*** AVAILABLE RECORDS ***

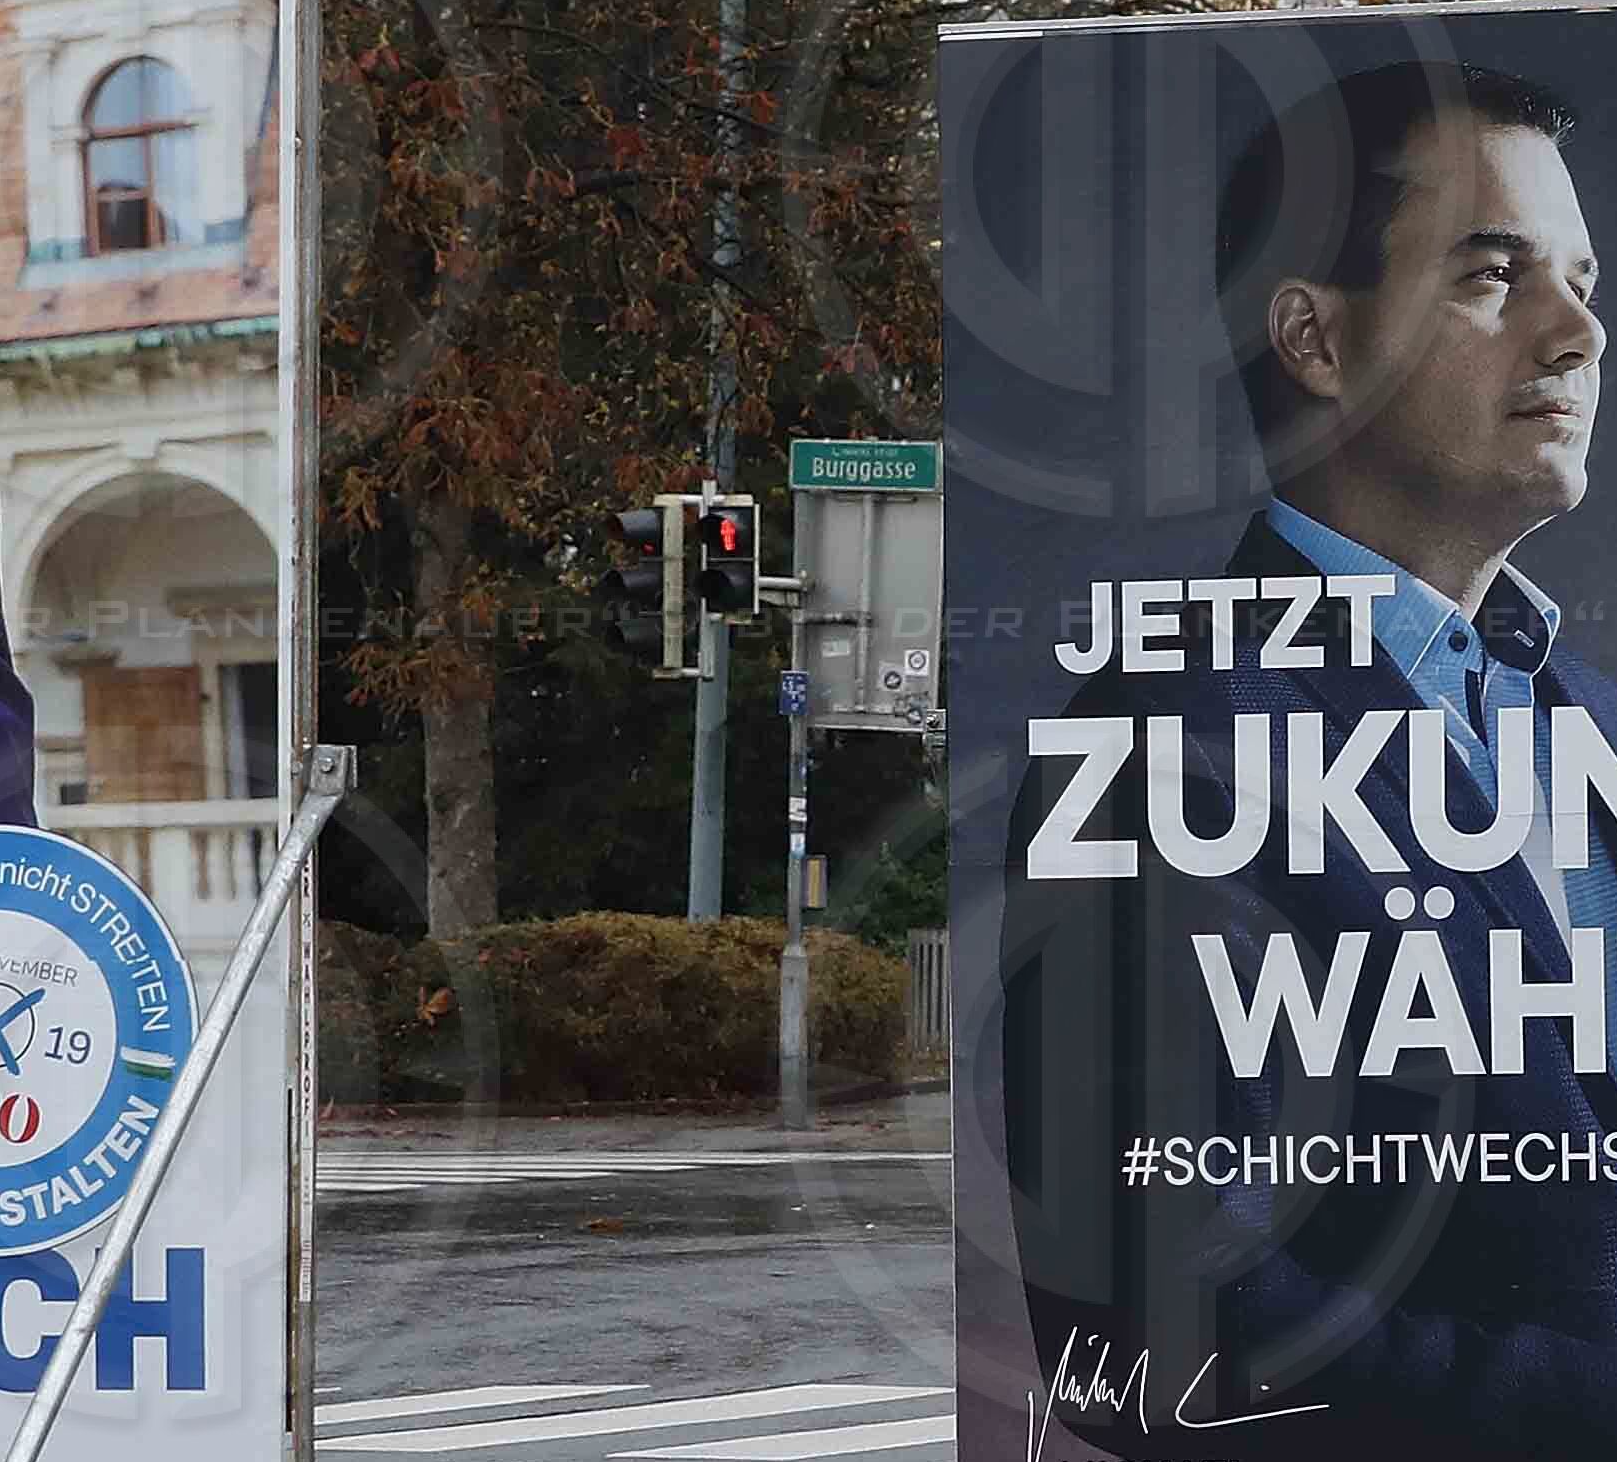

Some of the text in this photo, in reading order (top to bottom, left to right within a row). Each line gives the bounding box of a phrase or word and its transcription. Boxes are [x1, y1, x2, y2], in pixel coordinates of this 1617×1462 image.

[812, 456, 917, 483] Burggasse
[1053, 574, 1398, 676] JETZT
[70, 883, 171, 1033] STREITEN
[44, 1026, 92, 1066] 19
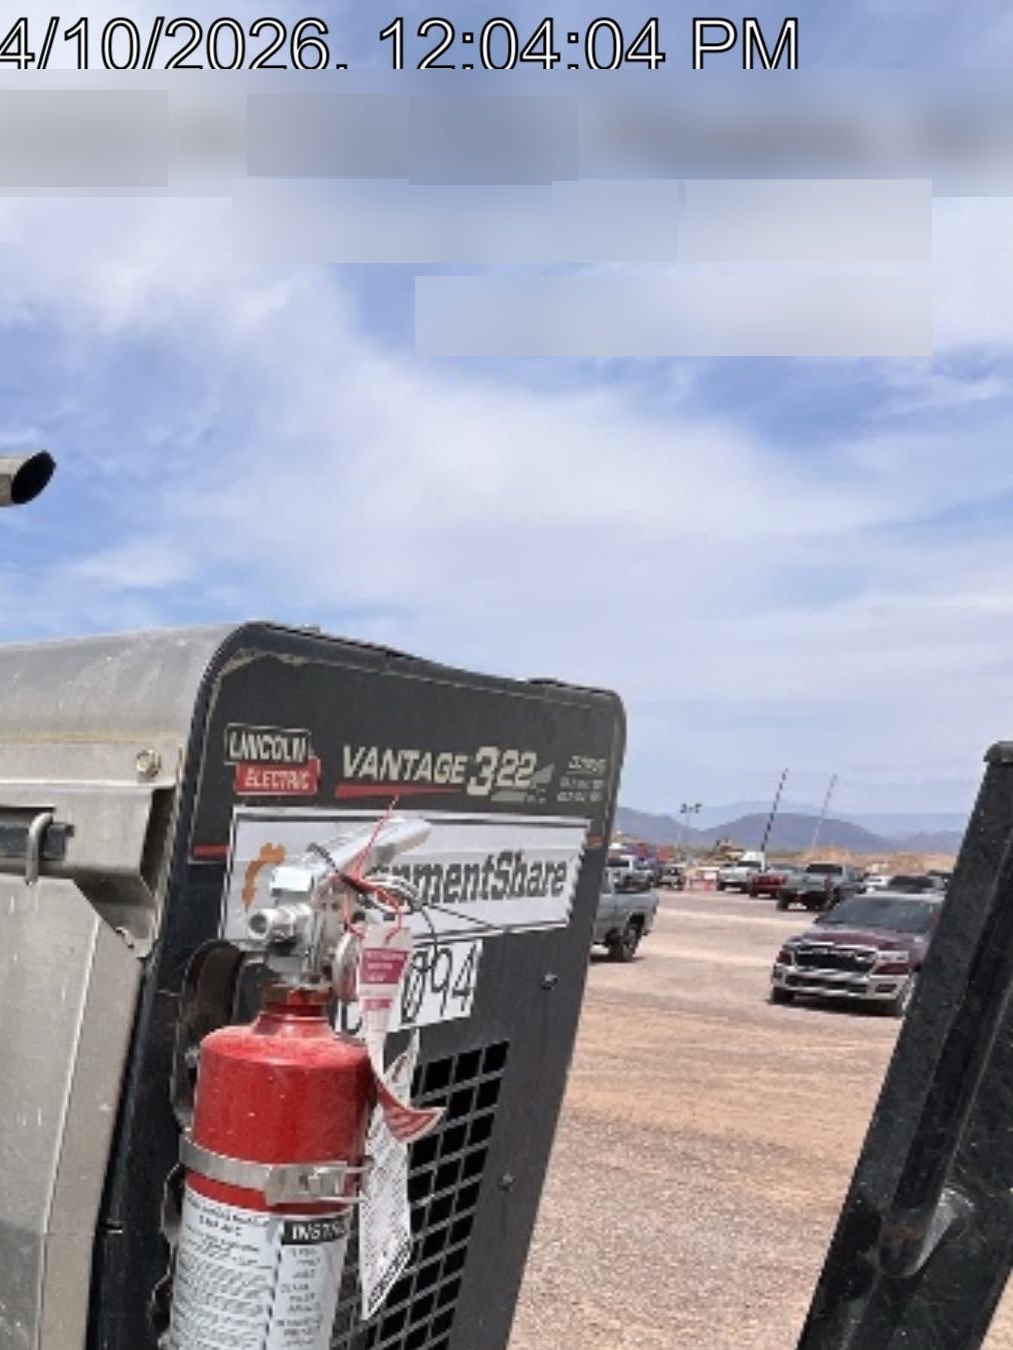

*** End of AVAILABLE RECORDS ***

TASK DIRECTIONS: All of the material is to be reproduced verbatim, pictures excluded.

ANSWER TO THIS TASK:
Some of the text in this photo, in reading order (top to bottom, left to right within a row). Each line gives the bounding box of a phrase or word and its transcription. Boxes are [x1, y1, x2, y2], in pixel coordinates of this 1617×1462 image.

[812, 456, 917, 483] Burggasse
[1053, 574, 1398, 676] JETZT
[70, 883, 171, 1033] STREITEN
[44, 1026, 92, 1066] 19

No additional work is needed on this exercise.